#### Exercise input ####
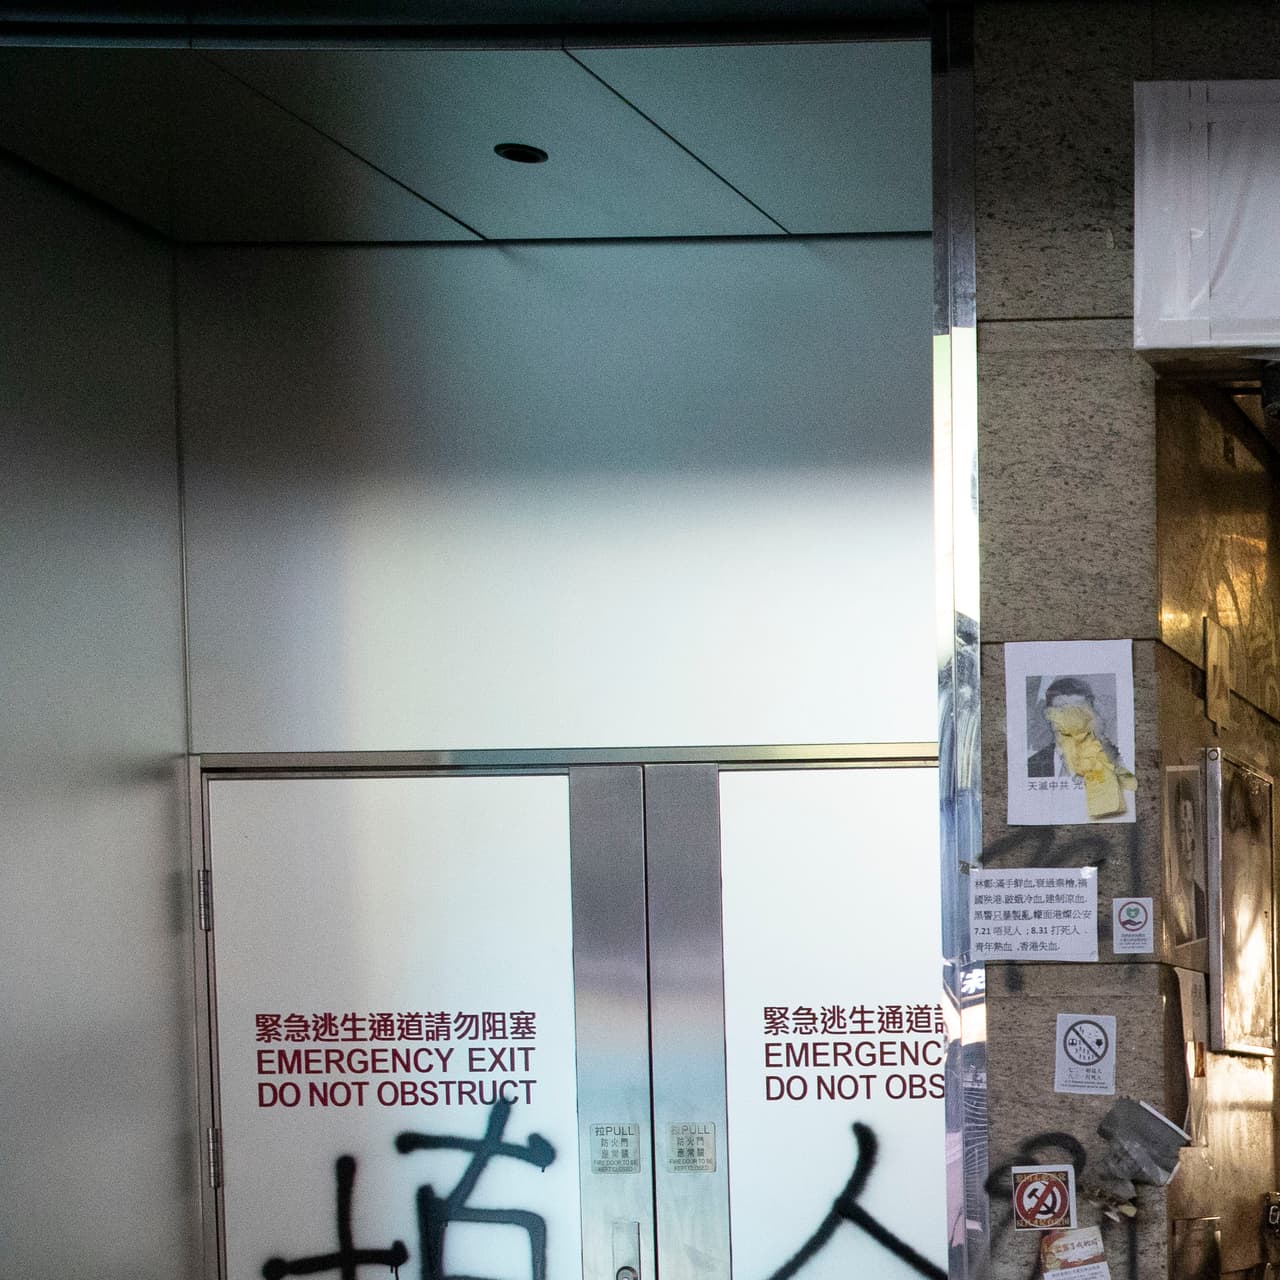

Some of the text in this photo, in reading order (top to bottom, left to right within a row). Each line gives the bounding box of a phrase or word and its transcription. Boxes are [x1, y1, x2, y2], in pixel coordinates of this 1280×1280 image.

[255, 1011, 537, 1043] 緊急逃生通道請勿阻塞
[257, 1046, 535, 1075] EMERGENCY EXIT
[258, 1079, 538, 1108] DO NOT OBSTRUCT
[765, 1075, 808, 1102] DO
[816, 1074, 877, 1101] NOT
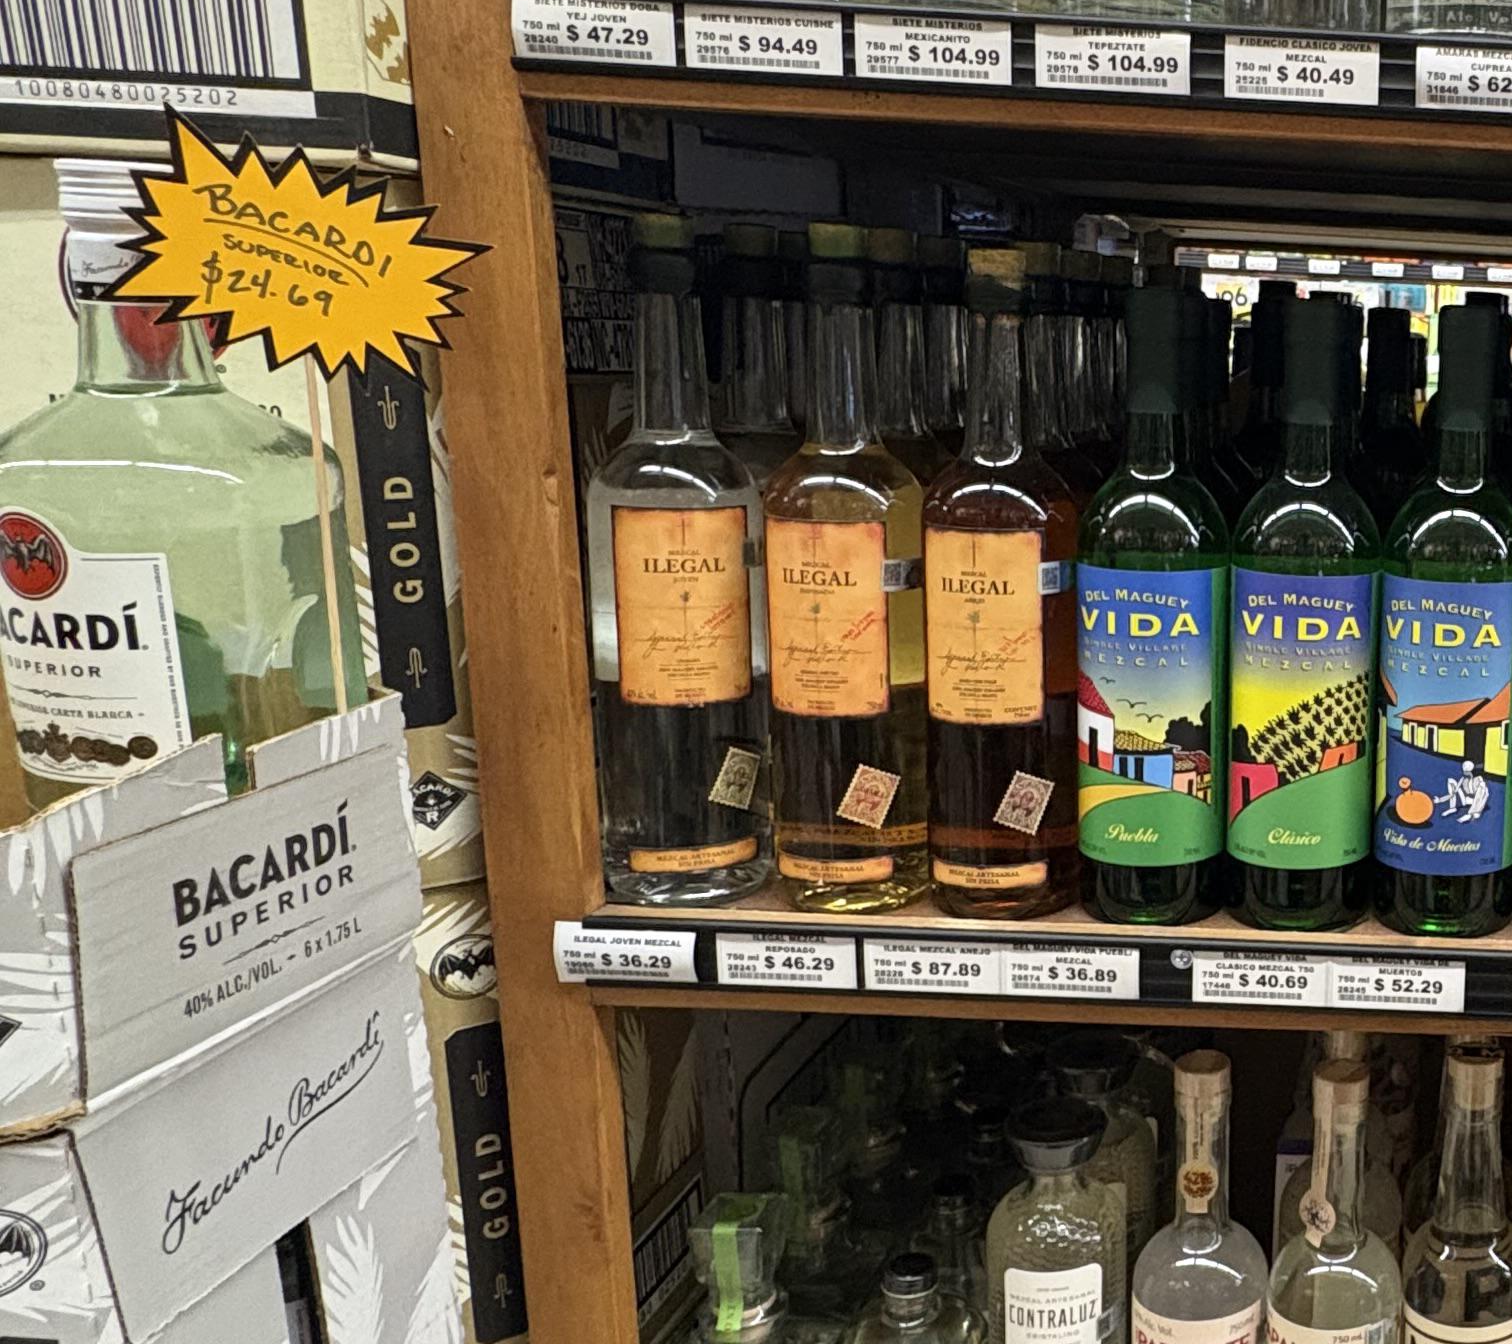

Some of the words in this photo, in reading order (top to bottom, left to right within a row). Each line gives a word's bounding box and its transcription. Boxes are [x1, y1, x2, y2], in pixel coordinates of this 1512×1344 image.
####
Could you reproduce every entry exactly, leaving out the pictures?

▶ **Result of this exercise**:
Some of the text in this photo, in reading order (top to bottom, left to right within a row). Each line gives the bounding box of a phrase or word and its transcription. Boxes are [x1, y1, x2, y2], in pixel coordinates of this 1280×1280 image.

[255, 1011, 537, 1043] 緊急逃生通道請勿阻塞
[257, 1046, 535, 1075] EMERGENCY EXIT
[258, 1079, 538, 1108] DO NOT OBSTRUCT
[765, 1075, 808, 1102] DO
[816, 1074, 877, 1101] NOT

Some of the words in this photo, in reading order (top to bottom, left to right within a row). Each line gives a word's bounding box and its transcription. Boxes are [x1, y1, x2, y2], in pixel coordinates of this 1512×1344 image.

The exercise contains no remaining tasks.